Concept Graph & Resume using Claude 3 Opus | Chat GPT4o | Llama 3:
Resume:
1.- Harnessing AI for good requires deep engagement and collaboration between AI experts, domain experts, government, industry, academia and civil society.
2.- Models of engagement vary and require custom tailoring for each application.
3.- Success requires coalitions around expertise, infrastructure, and data.
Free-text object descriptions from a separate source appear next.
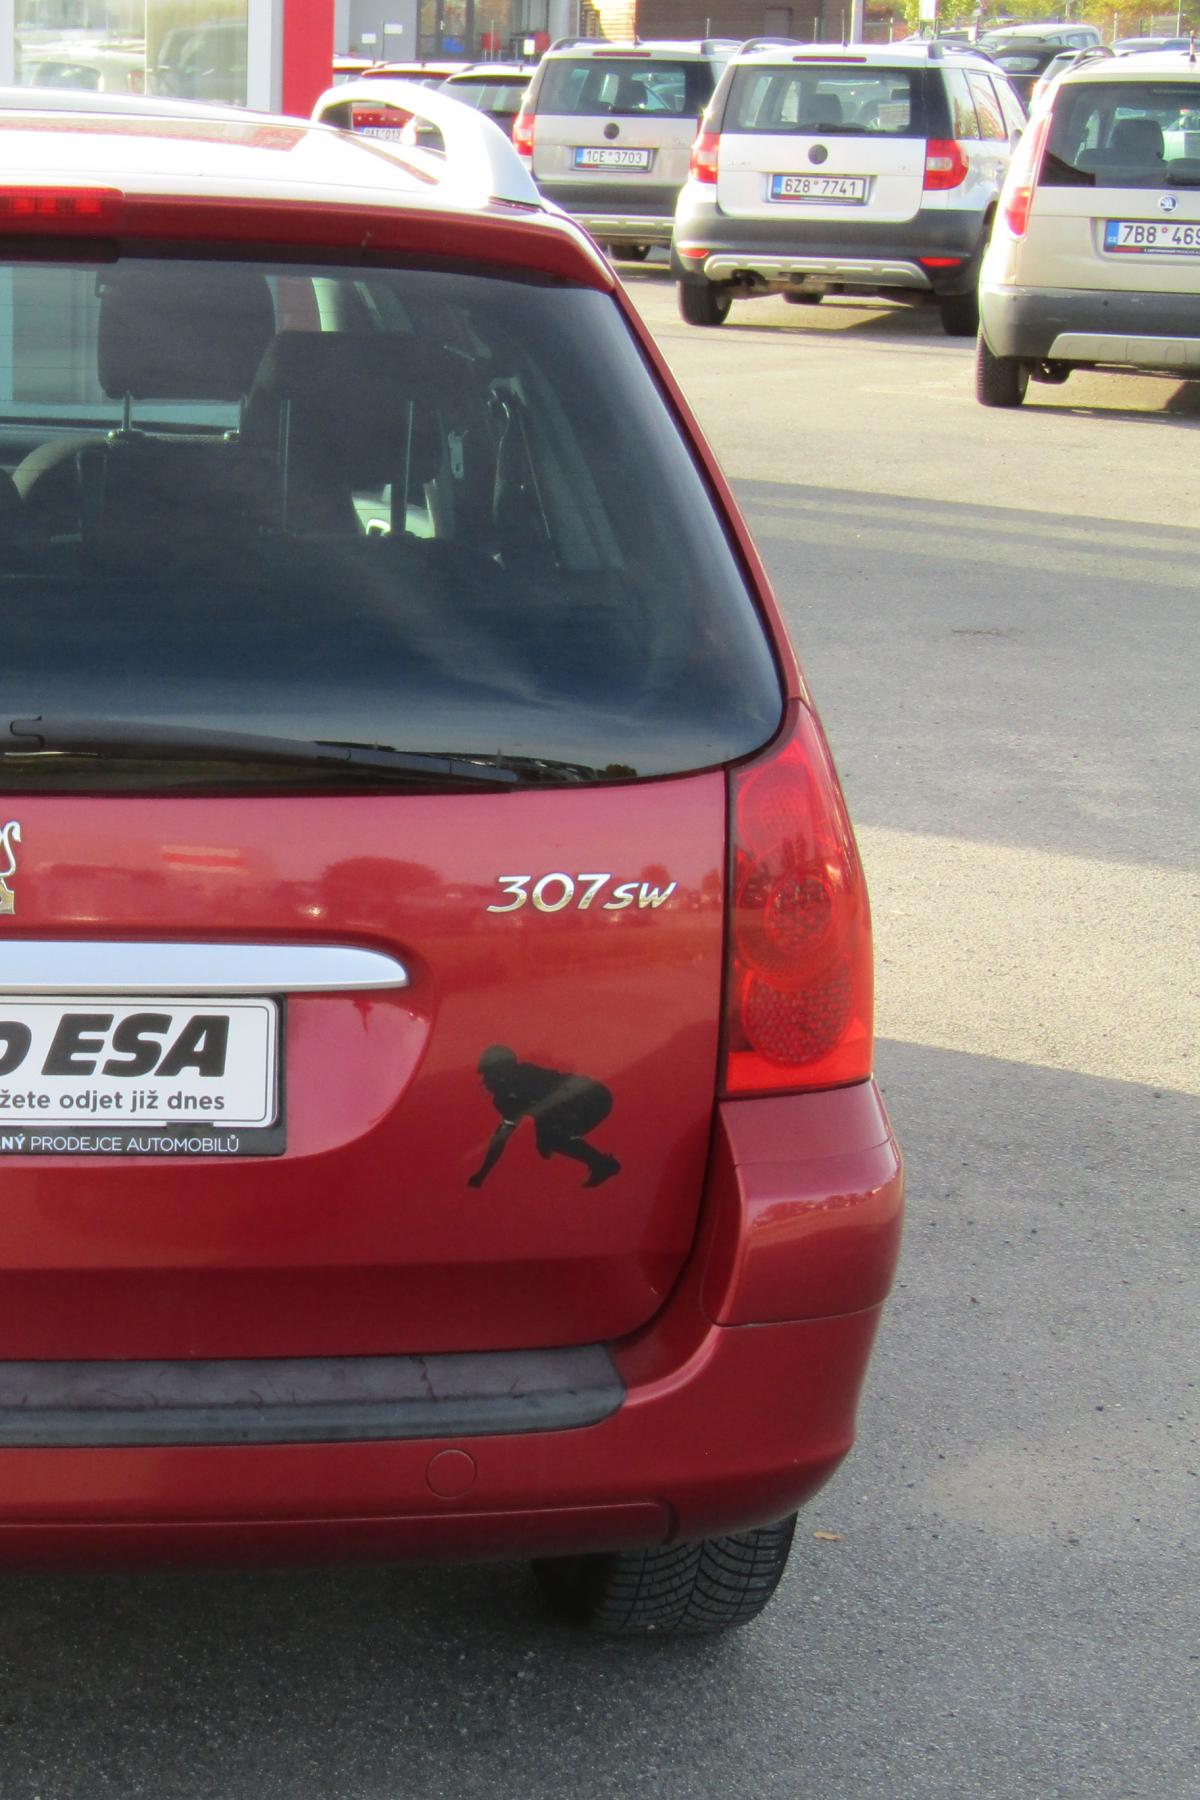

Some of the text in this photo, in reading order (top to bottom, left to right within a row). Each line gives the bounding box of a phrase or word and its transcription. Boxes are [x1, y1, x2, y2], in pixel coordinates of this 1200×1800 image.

[586, 150, 642, 164] 1CE 3703
[784, 178, 856, 196] 6Z8 7741
[1122, 225, 1157, 244] 7B8
[486, 872, 611, 913] 307
[40, 1012, 231, 1078] ESA
[59, 1089, 123, 1113] odjet
[129, 1089, 160, 1113] již
[167, 1091, 226, 1110] dnes
[30, 1135, 122, 1151] PRODEJCE
[126, 1133, 239, 1152] AUTOMOBILŮ
Expertise helps select problems, identify pain points and understand possibilities.
4.- Existing infrastructure and human resources in domains can often be leveraged, along with access to hidden data streams and sets.
5.- "AI" refers to many different sub-disciplines and methods like vision, speech, planning, robotics etc. which must all be considered for solutions.
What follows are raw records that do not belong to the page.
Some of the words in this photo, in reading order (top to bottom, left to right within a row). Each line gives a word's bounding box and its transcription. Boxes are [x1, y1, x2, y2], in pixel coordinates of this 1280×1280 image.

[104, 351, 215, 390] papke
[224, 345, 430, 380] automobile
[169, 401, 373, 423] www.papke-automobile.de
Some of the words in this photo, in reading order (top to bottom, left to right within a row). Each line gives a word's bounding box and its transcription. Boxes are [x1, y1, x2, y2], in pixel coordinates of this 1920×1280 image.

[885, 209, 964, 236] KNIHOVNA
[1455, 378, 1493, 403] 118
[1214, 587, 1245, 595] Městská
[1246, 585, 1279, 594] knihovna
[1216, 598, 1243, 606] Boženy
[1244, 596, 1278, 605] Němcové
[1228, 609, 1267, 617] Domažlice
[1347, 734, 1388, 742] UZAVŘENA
6.- A useful perspective is the pipeline from sense data to probability distributions to actions, then considering the value of additional data.
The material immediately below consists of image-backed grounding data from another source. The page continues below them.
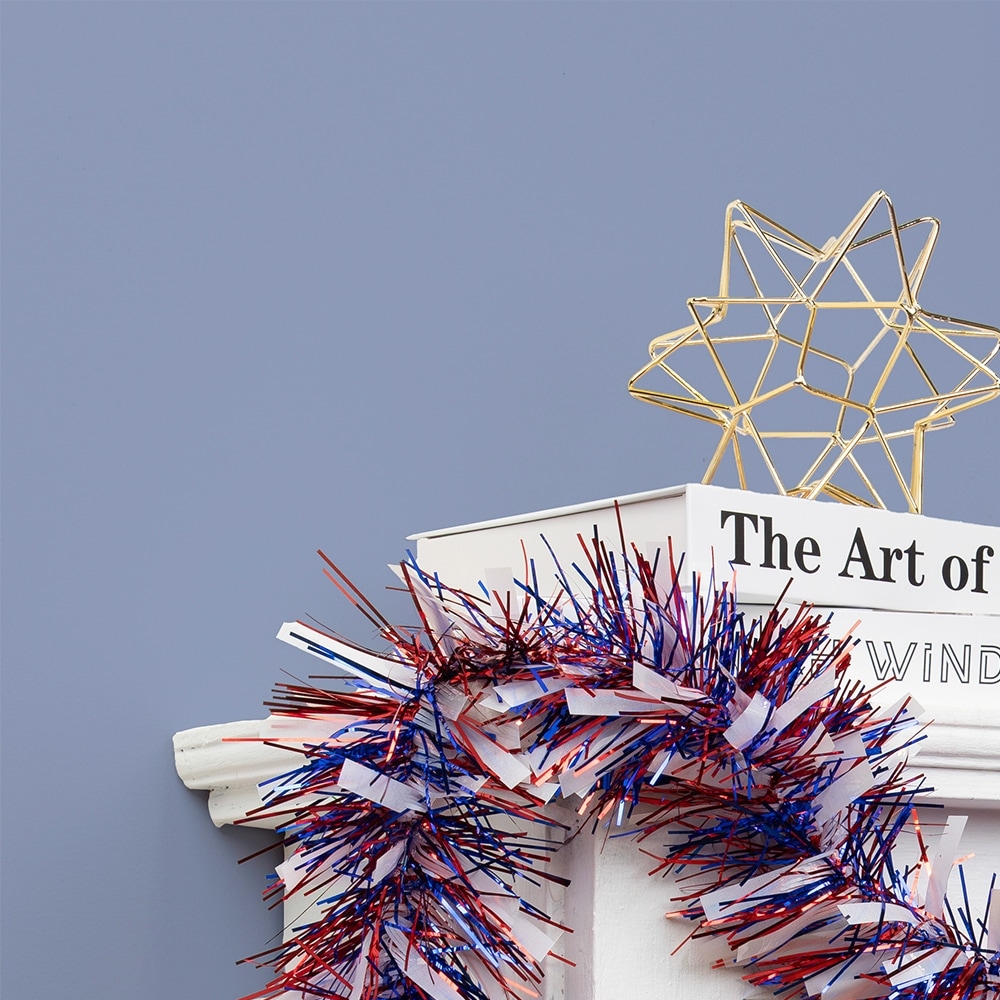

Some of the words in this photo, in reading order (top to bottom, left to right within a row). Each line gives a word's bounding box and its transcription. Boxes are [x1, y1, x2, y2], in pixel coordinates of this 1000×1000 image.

[720, 510, 822, 574] The
[838, 527, 925, 587] Art
[942, 545, 995, 594] of
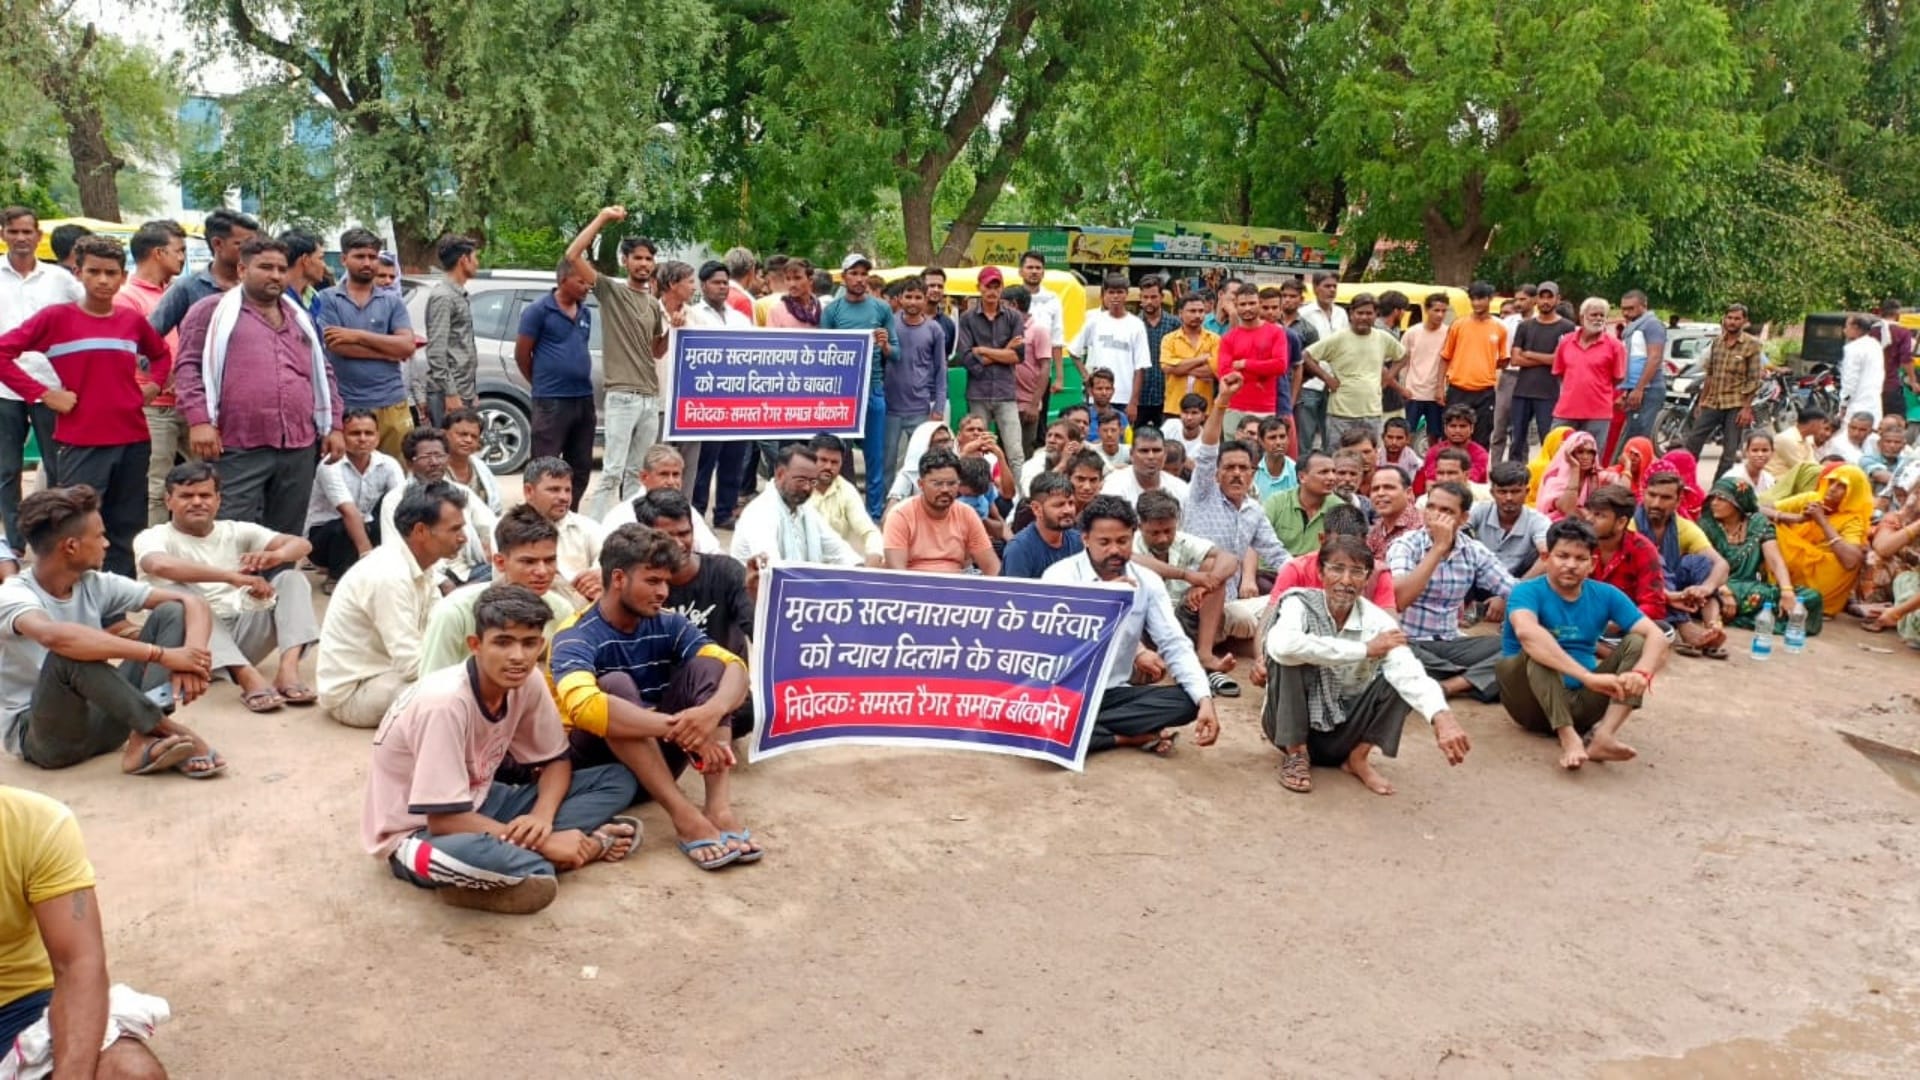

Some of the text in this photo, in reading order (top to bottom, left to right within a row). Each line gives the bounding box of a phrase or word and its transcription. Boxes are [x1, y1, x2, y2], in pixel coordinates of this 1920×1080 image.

[685, 344, 857, 369] मृतक सत्यनारायण के परिवार
[695, 371, 714, 393] को
[716, 375, 745, 393] न्याय
[748, 370, 784, 393] दिलाने
[787, 372, 801, 393] के
[731, 406, 761, 423] समस्त
[763, 402, 781, 422] रैगर
[784, 406, 812, 422] समाज
[813, 401, 849, 421] बीकानेर
[785, 597, 1106, 641] मृतक सत्यनारायण के परिवार
[800, 633, 834, 669] को
[838, 643, 890, 668] न्याय
[893, 633, 962, 671] दिलाने
[966, 639, 994, 671] के
[859, 691, 912, 716] समस्त
[916, 687, 951, 716] रैगर
[956, 694, 1006, 721] समाज
[1005, 692, 1071, 732] बीकानेर
7.- Applications often involve decision support and human-computer collaboration rather than full automation.
8.- Cholera is an example high-payoff area, where AI models predicting outbreaks could optimize hydration therapy and vaccine distribution, saving lives.
9.- Predictive models using heterogeneous data provide critical insights for optimal infrastructure and resource allocation that reactive approaches lack.
10.- Incredible data assets often already exist if we look for them, e.g. using airplanes as weather sensors via flight tracking data.
11.- A cloud service was built showing live updated wind maps based on leveraging existing flight tracking data from the FAA.
12.- Cell phone call patterns after the 2008 Rwanda earthquake were used to predict the epicenter location within 17km.
13.- Disruptions in call density patterns over time and space can indicate areas needing assistance after disasters.
14.- Decision-theoretic planning models can triage where to send limited surveillance/assistance resources given uncertain inferences of need.
15.- The AI community should build shared data resources through coalitions of governments, private sector and civil society.
16.- Experiences and best practices with data and infrastructure should be widely shared.
17.- Much can be done with existing AI methods, but it requires deep engagement with domain experts to understand opportunities for impact.
18.- There is no cookie cutter approach - models must be iterated and tailored for each application and domain.
19.- Turning lab successes into real-world services is challenging and requires working with many stakeholders to understand how inferences are used.
20.- Healthcare is an example domain where AI progress has been shockingly slow in translating from lab to real-world use.
21.- Real-world challenges involve human factors, ergonomics, and the realities of existing workflows that must be deeply understood and accommodated.
22.- Ideas that seem mature in the lab often turn out to be premature or ill-suited for messy real-world contexts without adaptation.
23.- Convincing entrenched industries to adopt new AI technologies can be very challenging even when there are clear benefits.
24.- A long process of curation, iteration and working with stakeholders is needed to really make AI work in each application area.
25.- Speaker wishes he could have attended the full AI for Good week but had to be in the US.
26.- Talk was delivered remotely at 4:55am from Seattle, just after speaker arrived there from Washington DC.
27.- Examples given aimed to illustrate some key challenges and opportunities in harnessing AI for societal benefit.
28.- Engaging governments and industries to adopt beneficial AI solutions remains a major challenge for the field.
29.- The current panel resonated with the key challenges discussed around convincing stakeholders to harness AI capabilities.
30.- Speaker appreciated the opportunity to share thoughts and examples with the AI for Good community despite the early hour.